Jazzseminar

Musikliebhaber, die leidenschaftlich gerne Jazz hören, sind zumeist auch interessiert an seinen Ursprüngen. Es empfiehlt sich, in diesem Falle, ein Jazzseminar zu besuchen. In der Regel werden Seminare dieser Art an jeder guten Musikschule abgehalten. Ein Jazzseminar ist gänzlich auf die Bedürfnisse seiner Teilnehmer zugeschnitten und vermittelt ihnen umfangreiches Wissen über diesen besonderen Musikstil.
Die Wiege der des Jazz liegt in New Orleans bzw. in den Südstatten der USA. Jazzmusik entwickelte sich aus den melancholischen und dabei doch sehr melodiösen Liedern der afrikanischen Sklaven heraus. Auch die für afroamerikanische Kirchen typischen Gospel-Songs flossen in die Musikrichtung des Jazz mit ein. Des Weiteren wurde Jazz ebenso durch lateinamerikanische und französische Folklore beeinflusst, denn die schwarzen Sklaven westafrikanischen Ursprunges kamen zumeist erst nach einem längerem Aufenthalt auf den Westindischen Inseln in den Süden der Vereinigten Staaten.
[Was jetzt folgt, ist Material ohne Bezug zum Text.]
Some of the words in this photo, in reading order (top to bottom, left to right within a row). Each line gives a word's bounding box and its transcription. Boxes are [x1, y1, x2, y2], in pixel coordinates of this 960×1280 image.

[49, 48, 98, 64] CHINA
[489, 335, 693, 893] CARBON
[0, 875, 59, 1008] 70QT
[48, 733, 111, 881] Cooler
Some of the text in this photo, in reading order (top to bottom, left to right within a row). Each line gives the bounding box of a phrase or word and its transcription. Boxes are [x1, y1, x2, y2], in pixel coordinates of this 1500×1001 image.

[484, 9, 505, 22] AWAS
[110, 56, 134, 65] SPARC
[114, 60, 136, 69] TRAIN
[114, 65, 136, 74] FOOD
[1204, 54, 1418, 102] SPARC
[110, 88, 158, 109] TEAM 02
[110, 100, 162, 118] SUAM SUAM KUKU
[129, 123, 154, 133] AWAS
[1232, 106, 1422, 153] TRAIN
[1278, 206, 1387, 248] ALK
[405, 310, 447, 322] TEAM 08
In New Orleans selbst, welches früher Frankreich und später Spanien gehörte und erst im Jahre 1803 von den USA gekauft wurde, bildeten die Kreolen eine große Mittelschicht. Diese Mischlinge benutzten europäische Instrumente und spielten damit “vornehme” französische Musik, welche hauptsächlich aus Menuetten, Quadrillen, Opernmelodien und Militärmärschen bestand. Die Kreolen schauten in dieser Zeit verächtlich auf die afrikanischen Neger herab, die darauf bedacht waren, die Tradition ihrer “gewöhnlichen” afrikanischen Musik beizubehalten. Erst um 1890, mit der Einführung eines Rassentrennungsgesetzes, fielen diese Schranken. Der New-Orleans-Jazz wurde später vor allem durch einen seiner berühmtesten Vertreter, Louis Armstrong, weltweit bekannt.
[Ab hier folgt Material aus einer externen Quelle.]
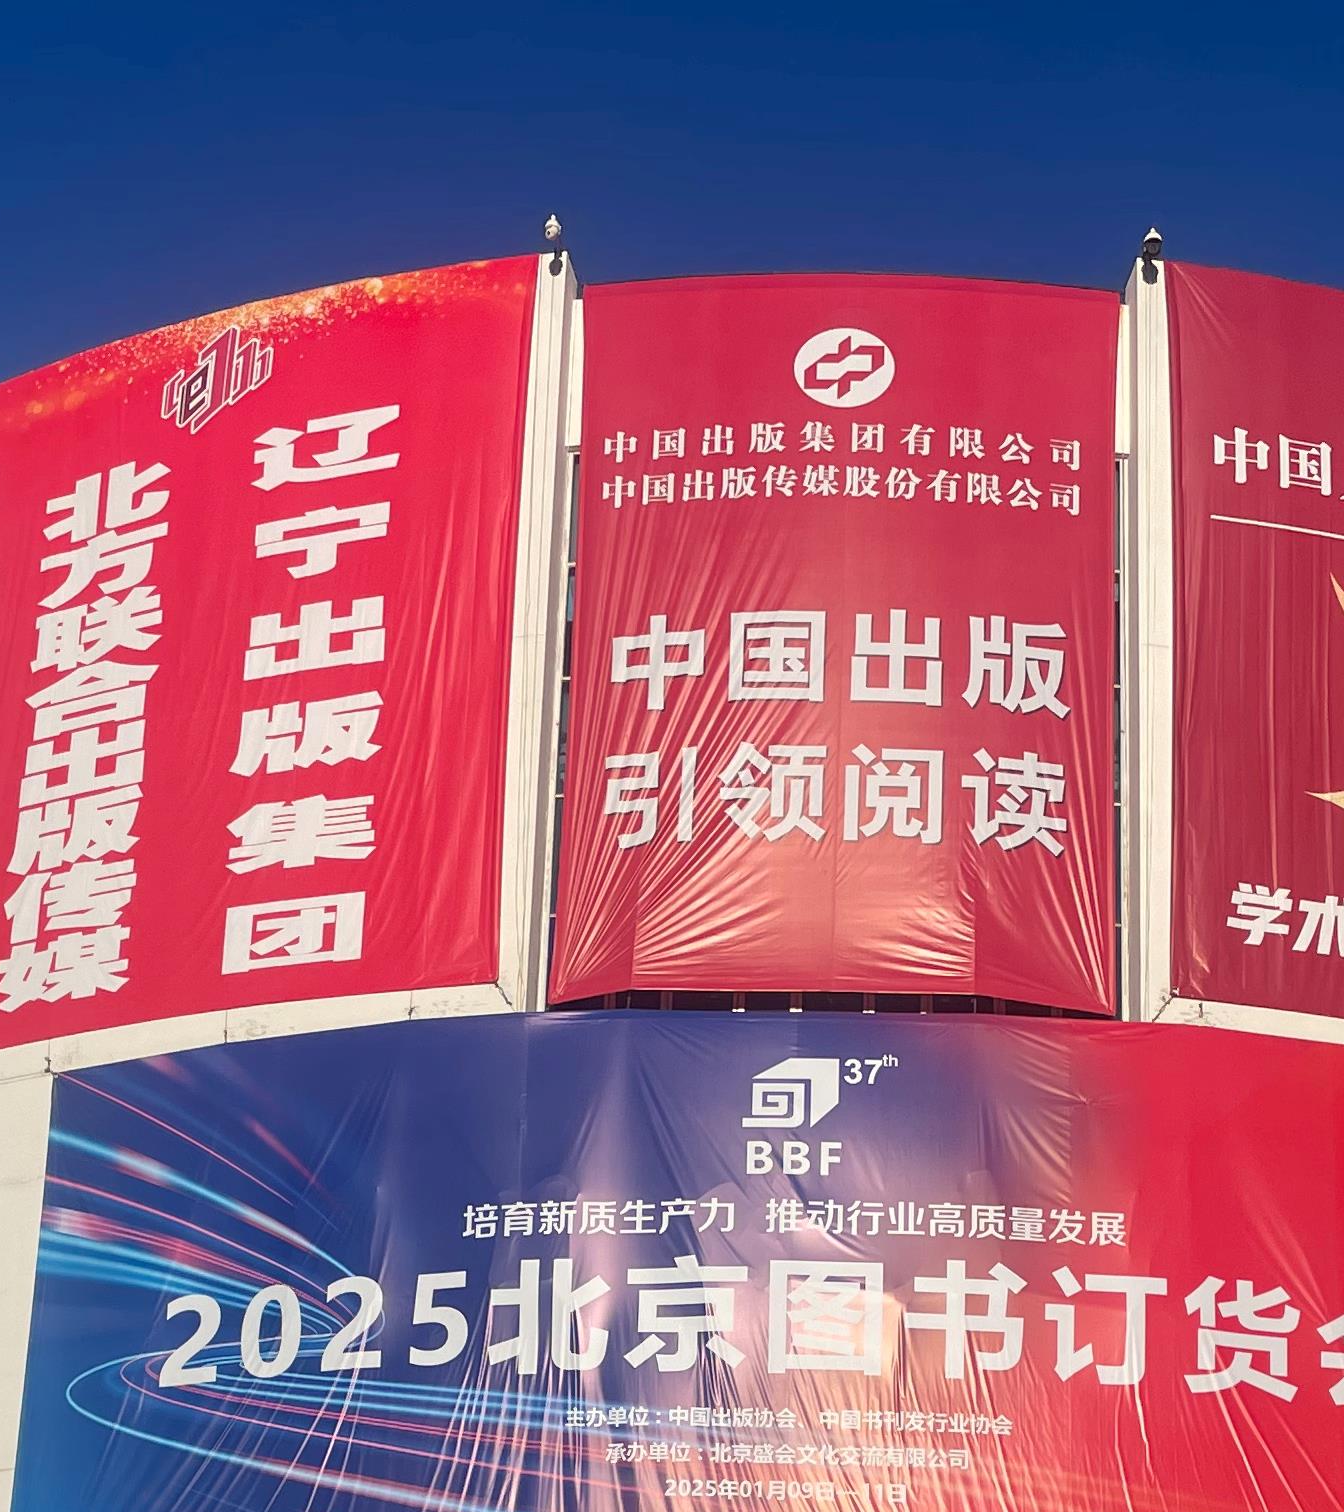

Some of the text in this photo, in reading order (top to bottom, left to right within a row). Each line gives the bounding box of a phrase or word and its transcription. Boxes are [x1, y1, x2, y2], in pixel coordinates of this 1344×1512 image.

Natürlich lernen Sie in einem Jazzseminar nicht nur die Geschichte des Jazz kennen. Vielmehr wird es Ihnen hier ermöglicht, selbst ein Instrument spielen zu lernen, welches beim Jazz seinen Einsatz findet. Typisch dafür sind beispielsweise E-Bass, E-Gitarre, Schlagzeug, Keyboard und Saxophon.
Passionierte Kenner des Jazz identifizieren, nur beim reinen Zuhören, jeden Solisten sowie jede Formation lediglich an ihrer Spieltechnik und Instrumentenführung. Der Besuch eines Jazzseminar kann Ihnen helfen, selbst solch ein feines Gehör zu erhalten und zum Jazzexperten zu werden.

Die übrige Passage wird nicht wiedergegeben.